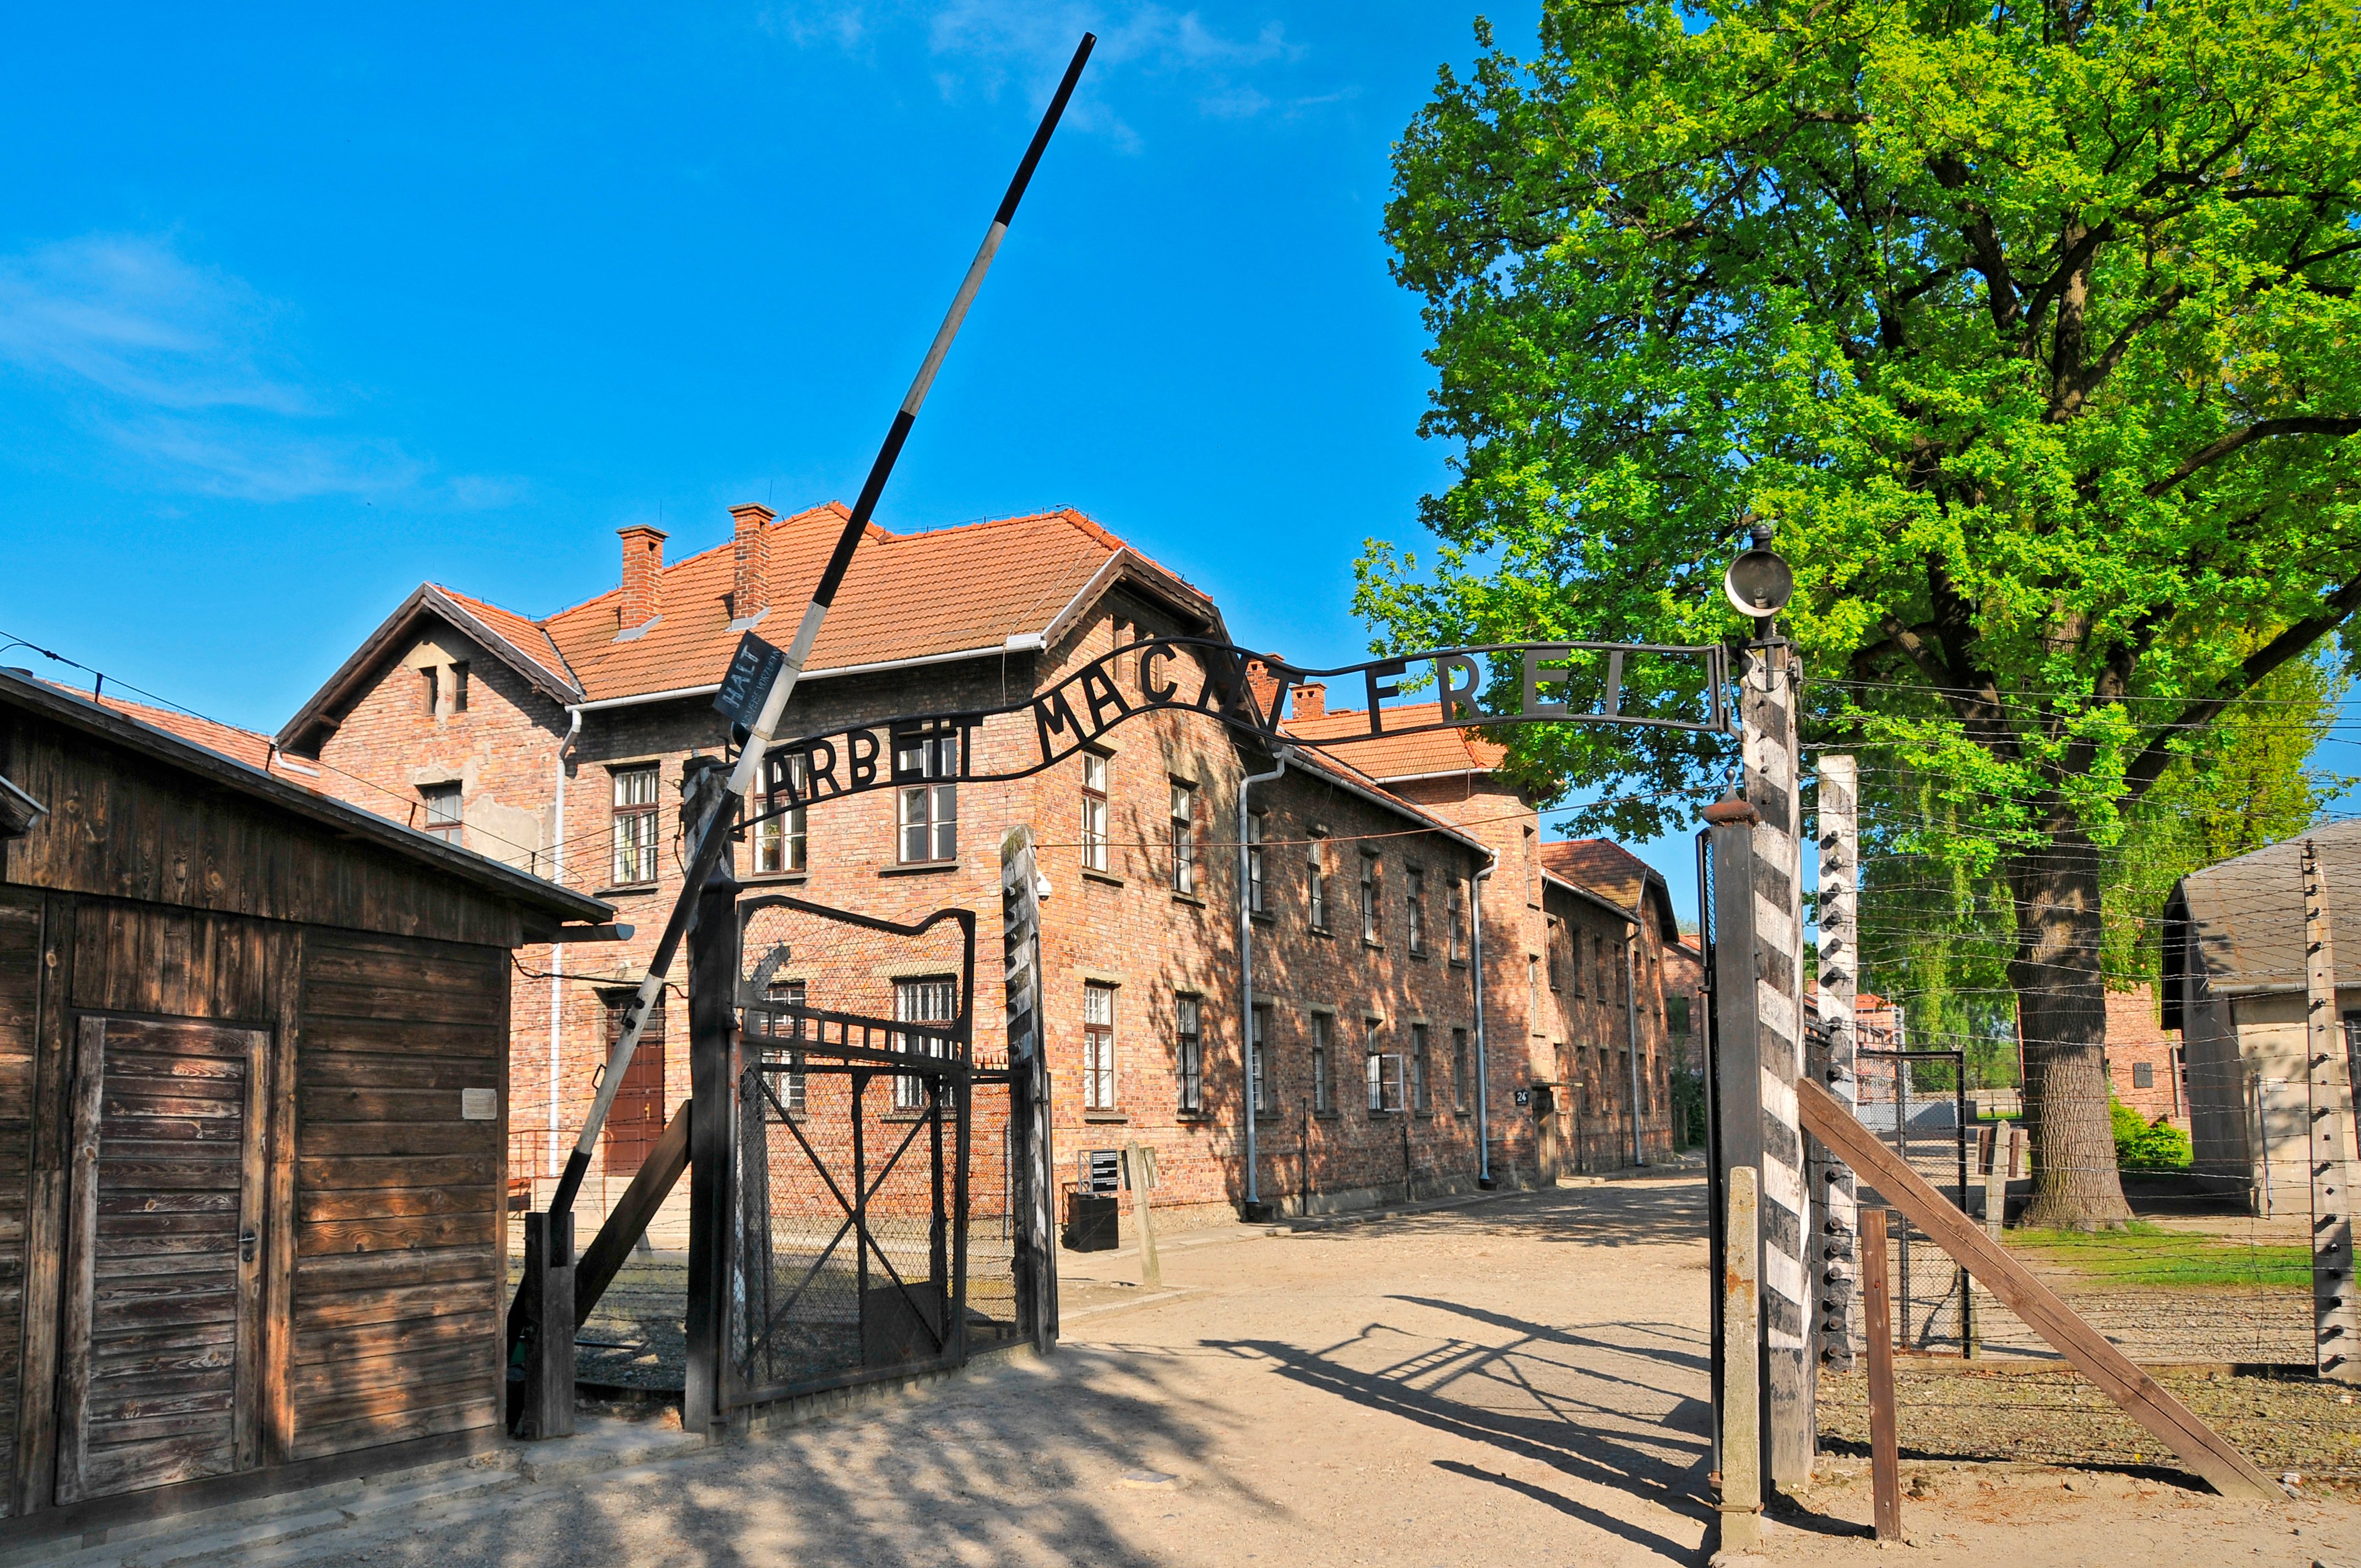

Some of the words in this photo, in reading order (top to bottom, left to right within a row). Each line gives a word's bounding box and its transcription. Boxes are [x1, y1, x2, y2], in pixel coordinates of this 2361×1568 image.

[722, 645, 760, 709] HALT
[768, 716, 983, 810] ARBEIT
[1033, 640, 1305, 762] MACHT
[1366, 650, 1624, 734] FREI
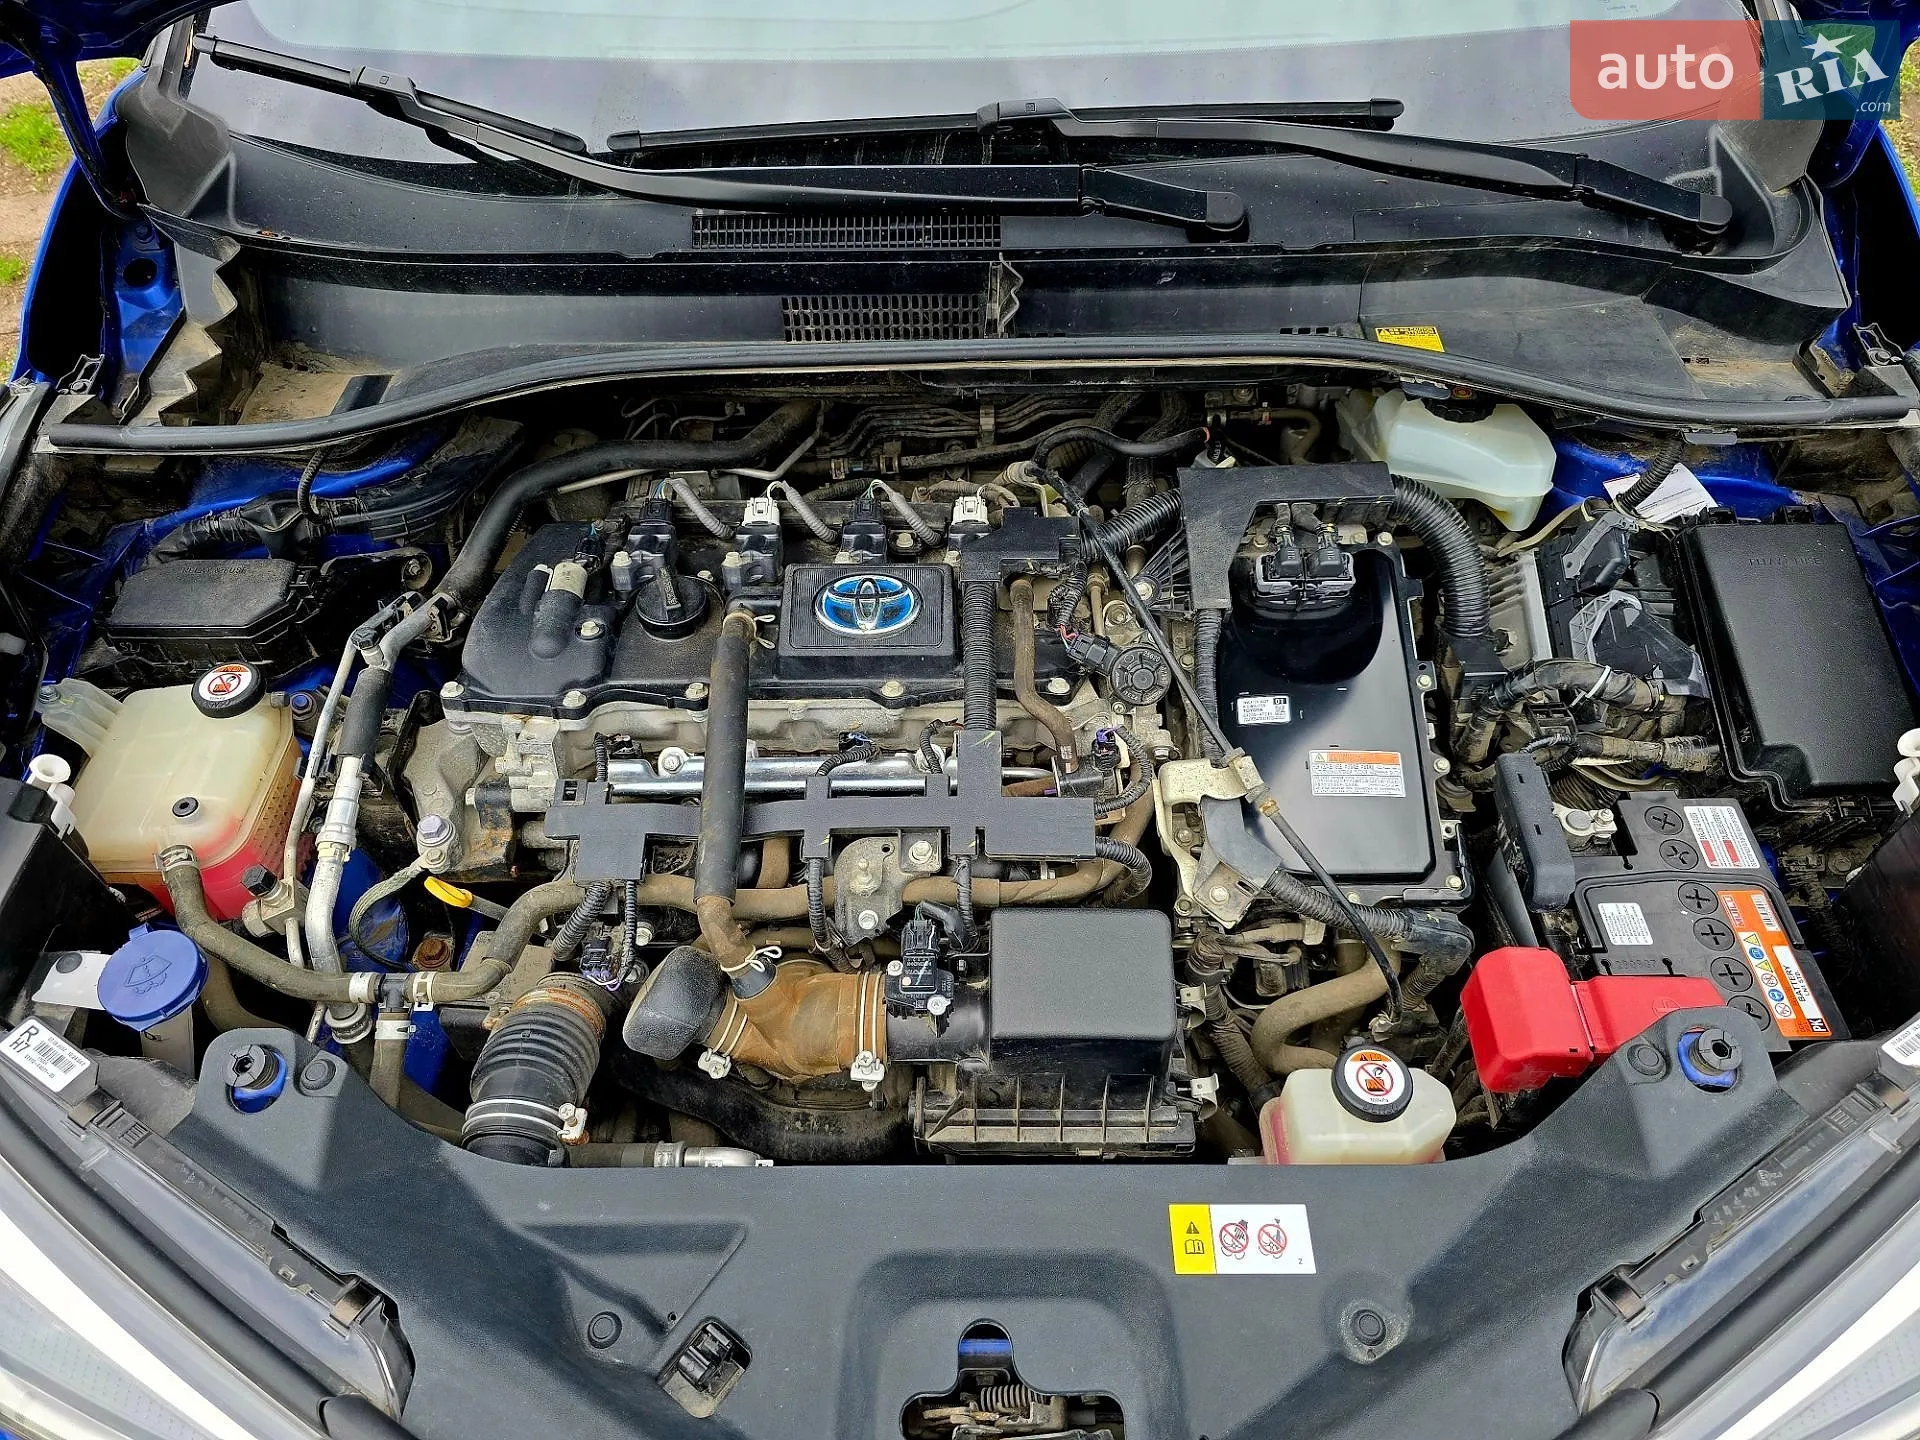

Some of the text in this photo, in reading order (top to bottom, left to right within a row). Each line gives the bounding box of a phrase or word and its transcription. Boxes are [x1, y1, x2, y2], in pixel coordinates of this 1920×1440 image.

........

AIM OF THE TASK: Omit the images and transcribe all of the records above word for word.

WRITTEN ANSWER:
Some of the words in this photo, in reading order (top to bottom, left to right within a row). Each line gives a word's bounding box and its transcription. Boxes are [x1, y1, x2, y2], in pixel coordinates of this 2361×1568 image.

[722, 645, 760, 709] HALT
[768, 716, 983, 810] ARBEIT
[1033, 640, 1305, 762] MACHT
[1366, 650, 1624, 734] FREI

Some of the text in this photo, in reading order (top to bottom, left to right within a row). Each line gives the bounding box of a phrase or word and its transcription. Boxes are [x1, y1, x2, y2], in pixel coordinates of this 1920×1440 image.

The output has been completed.